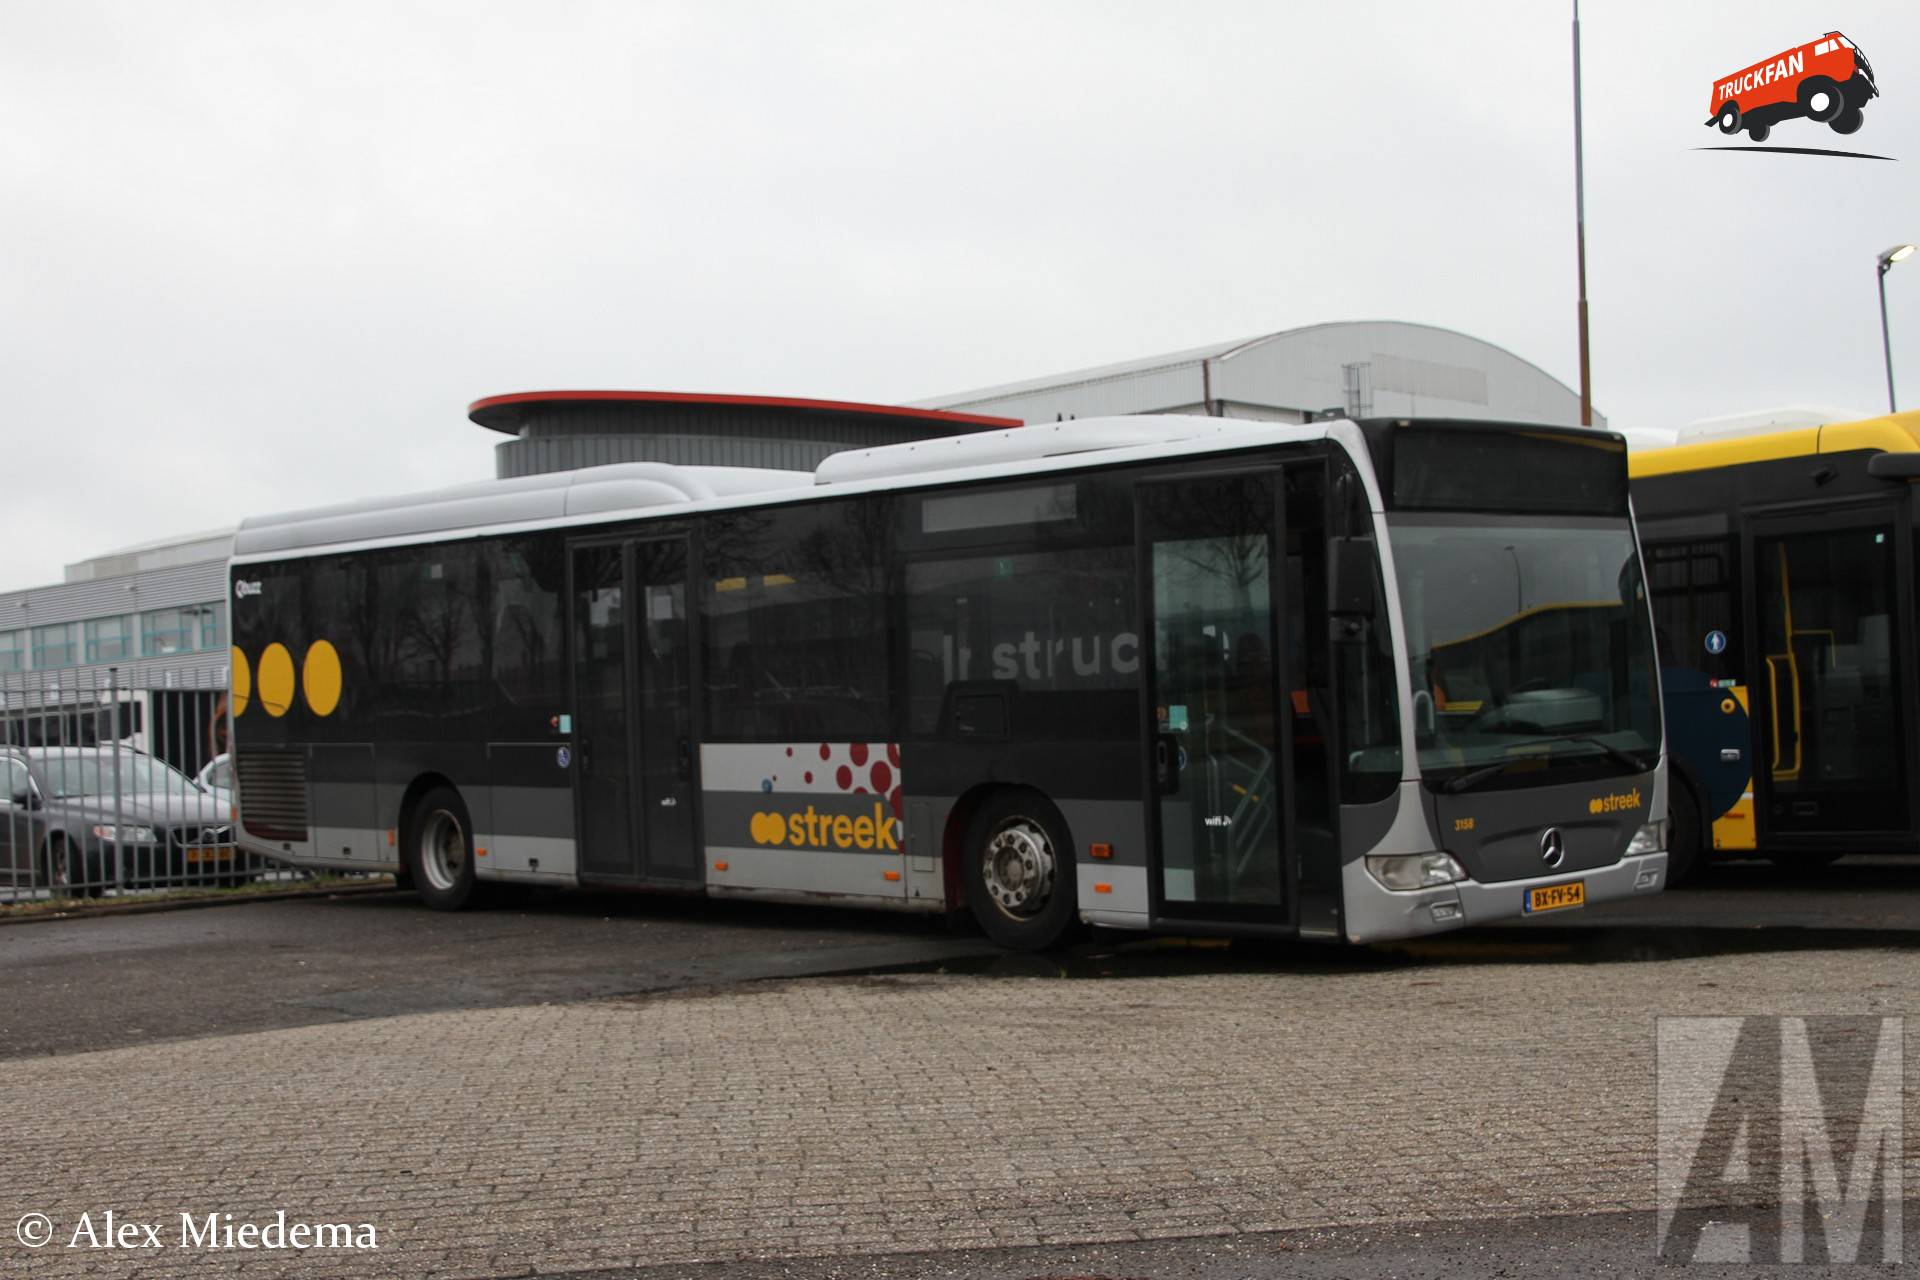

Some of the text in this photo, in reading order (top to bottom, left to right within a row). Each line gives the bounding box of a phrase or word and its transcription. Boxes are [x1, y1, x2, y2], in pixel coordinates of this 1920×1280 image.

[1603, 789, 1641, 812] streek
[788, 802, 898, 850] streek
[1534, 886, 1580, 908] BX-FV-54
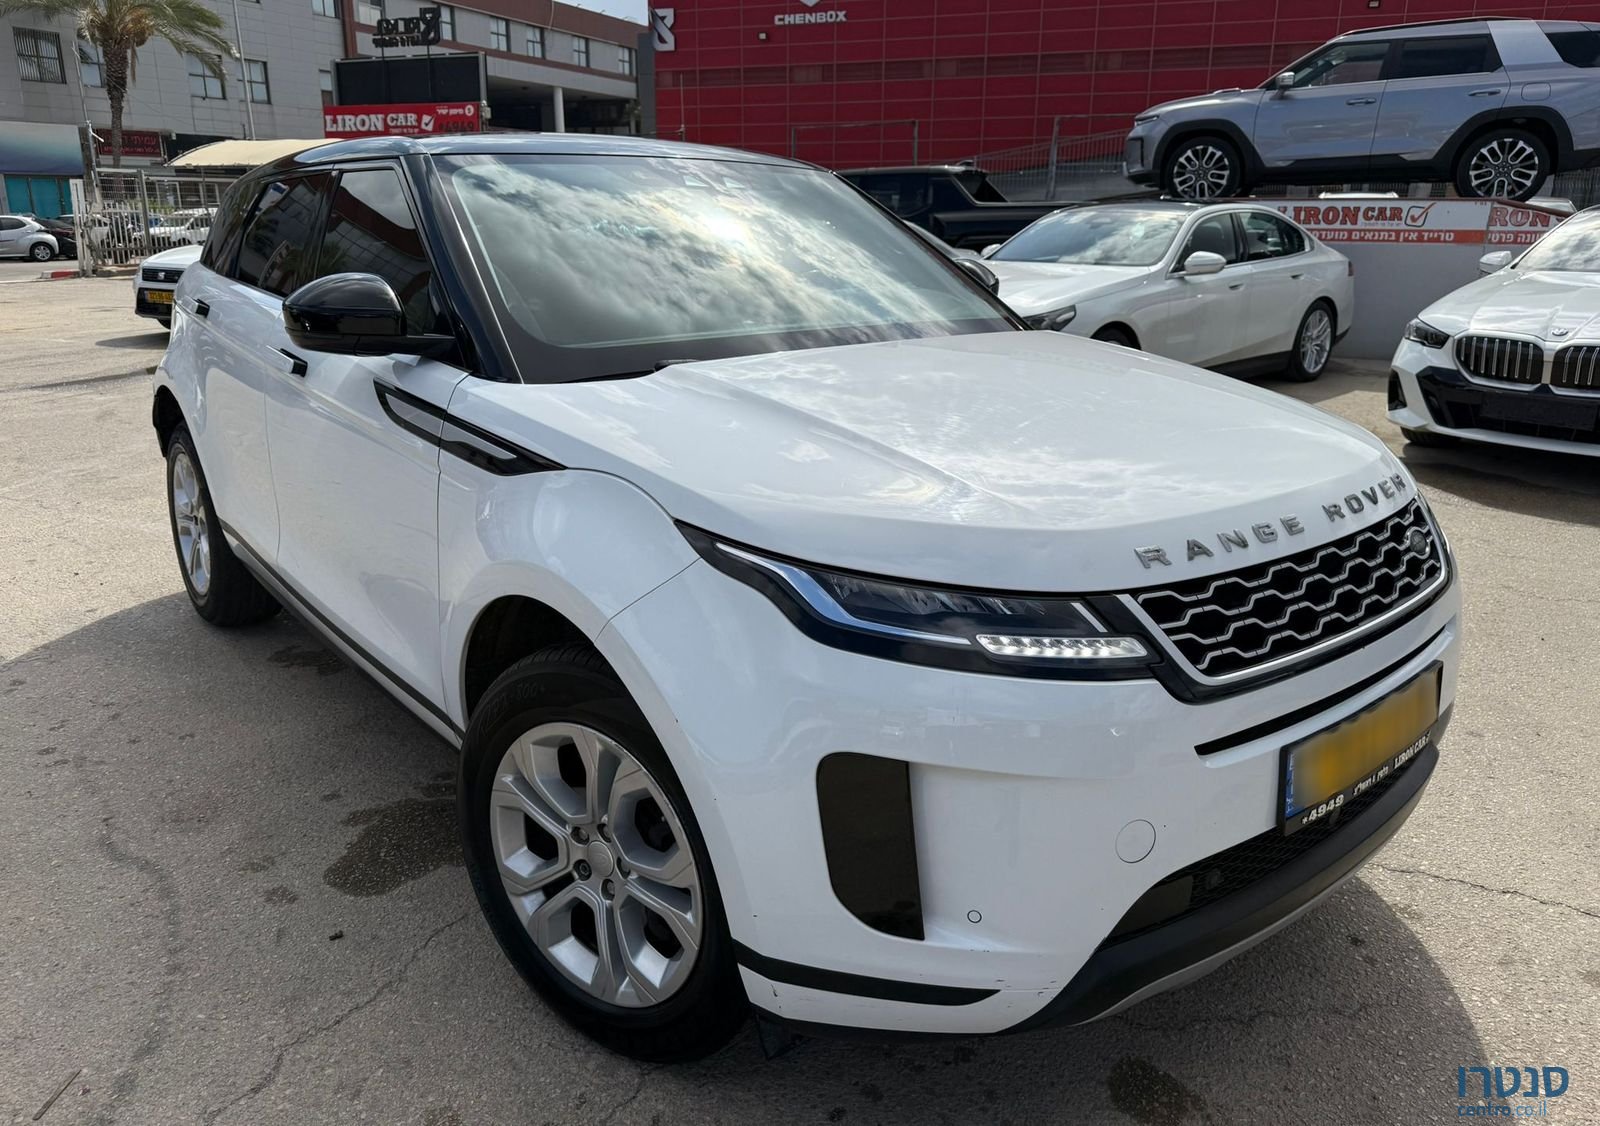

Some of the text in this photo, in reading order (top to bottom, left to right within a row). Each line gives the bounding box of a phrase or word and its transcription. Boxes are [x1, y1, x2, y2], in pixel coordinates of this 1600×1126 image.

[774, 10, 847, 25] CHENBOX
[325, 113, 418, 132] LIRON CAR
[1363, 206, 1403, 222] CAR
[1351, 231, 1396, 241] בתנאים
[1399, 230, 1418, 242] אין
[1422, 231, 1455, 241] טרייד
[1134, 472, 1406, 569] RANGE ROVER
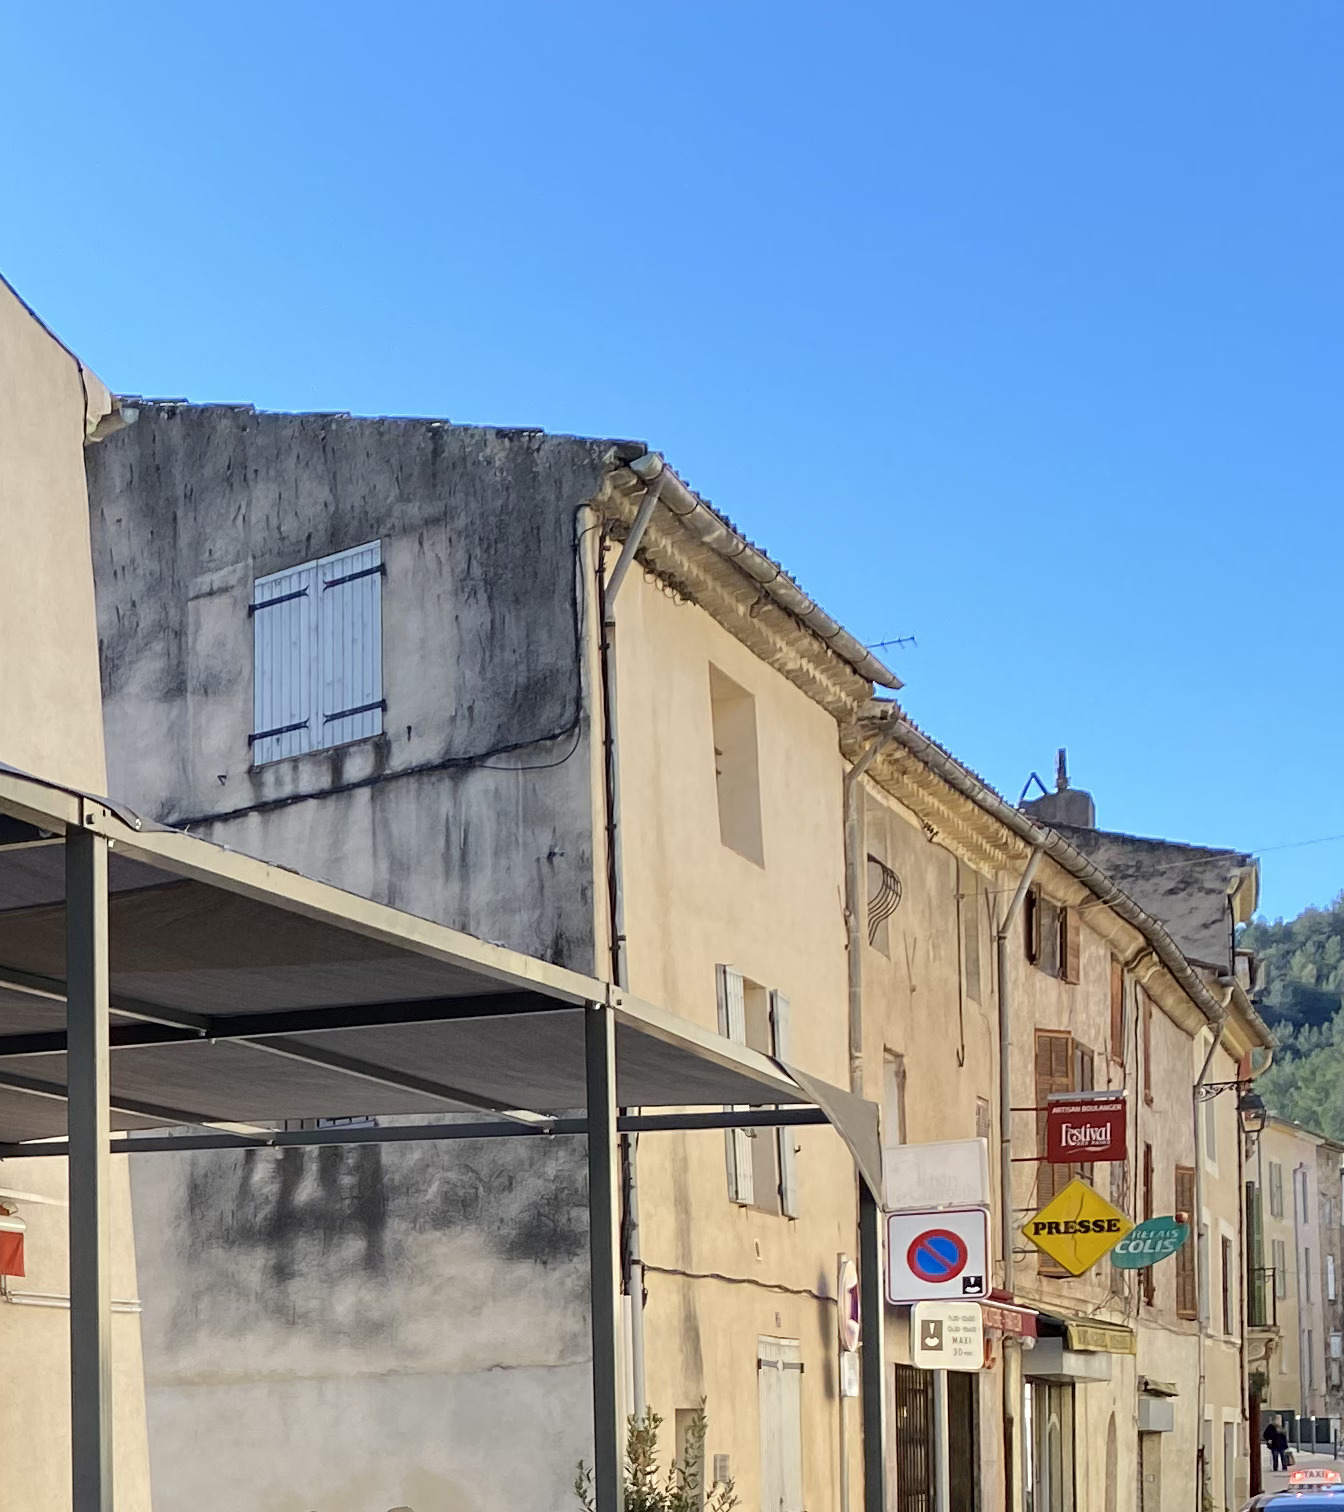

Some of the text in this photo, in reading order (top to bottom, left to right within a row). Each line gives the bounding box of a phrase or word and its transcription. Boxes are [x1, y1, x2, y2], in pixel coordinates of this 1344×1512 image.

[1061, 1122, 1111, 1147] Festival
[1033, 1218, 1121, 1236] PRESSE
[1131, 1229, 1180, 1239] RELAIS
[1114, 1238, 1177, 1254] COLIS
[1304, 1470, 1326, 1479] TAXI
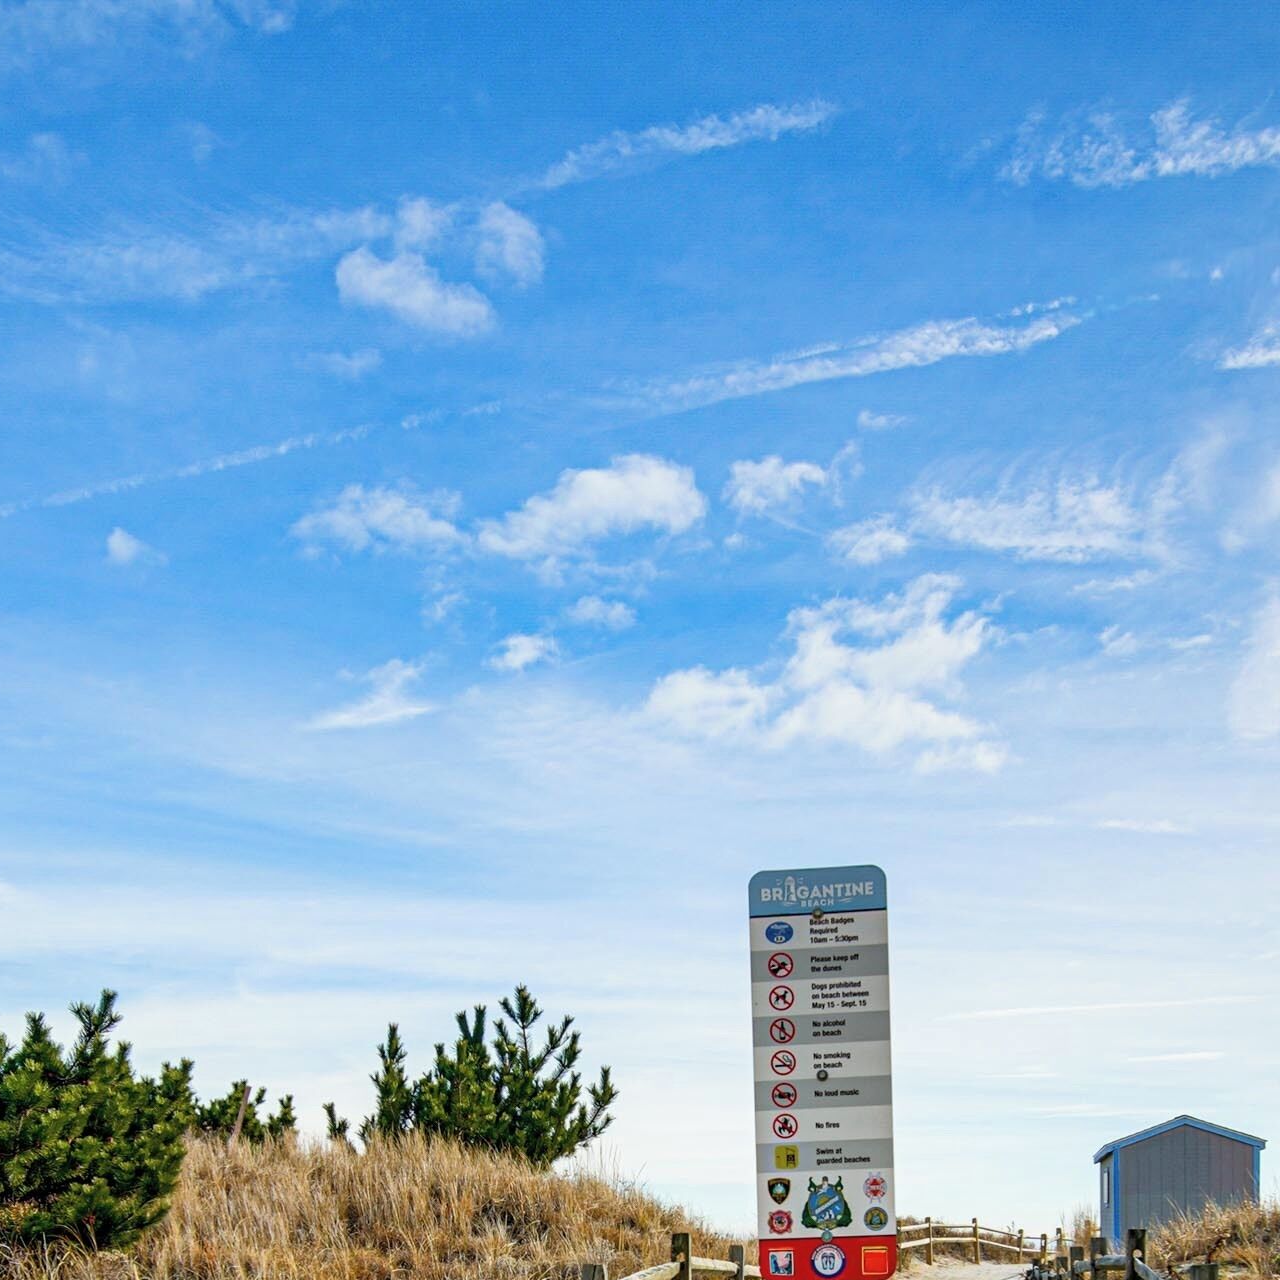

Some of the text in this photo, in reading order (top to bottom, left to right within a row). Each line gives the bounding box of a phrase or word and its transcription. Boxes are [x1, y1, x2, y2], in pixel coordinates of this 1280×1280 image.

= = =

# ASSIGNED TASK
Leave the images out as you retype each line of the material exactly.

# FINISHED EXERCISE
Some of the text in this photo, in reading order (top to bottom, left to right within a row). Each line gives the bounding box of a phrase or word and its transcription. Boxes are [x1, y1, x2, y2], in pixel coordinates of this 1920×1280 image.

[1603, 789, 1641, 812] streek
[788, 802, 898, 850] streek
[1534, 886, 1580, 908] BX-FV-54

Some of the text in this photo, in reading order (top to bottom, left to right within a row). Each line gives the bounding box of a phrase or word and its transcription. Boxes are [x1, y1, x2, y2], in pixel coordinates of this 1600×1126 image.

[774, 10, 847, 25] CHENBOX
[325, 113, 418, 132] LIRON CAR
[1363, 206, 1403, 222] CAR
[1351, 231, 1396, 241] בתנאים
[1399, 230, 1418, 242] אין
[1422, 231, 1455, 241] טרייד
[1134, 472, 1406, 569] RANGE ROVER

Some of the text in this photo, in reading order (top to bottom, left to right within a row). Each line gives the bounding box of a phrase or word and its transcription. Boxes are [x1, y1, x2, y2], in pixel coordinates of this 1344×1512 image.

[1061, 1122, 1111, 1147] Festival
[1033, 1218, 1121, 1236] PRESSE
[1131, 1229, 1180, 1239] RELAIS
[1114, 1238, 1177, 1254] COLIS
[1304, 1470, 1326, 1479] TAXI

Some of the text in this photo, in reading order (top to bottom, left to right within a row). Each line gives the bounding box of a phrase or word and its transcription. Boxes are [x1, y1, x2, y2], in pixel coordinates of this 1280×1280 image.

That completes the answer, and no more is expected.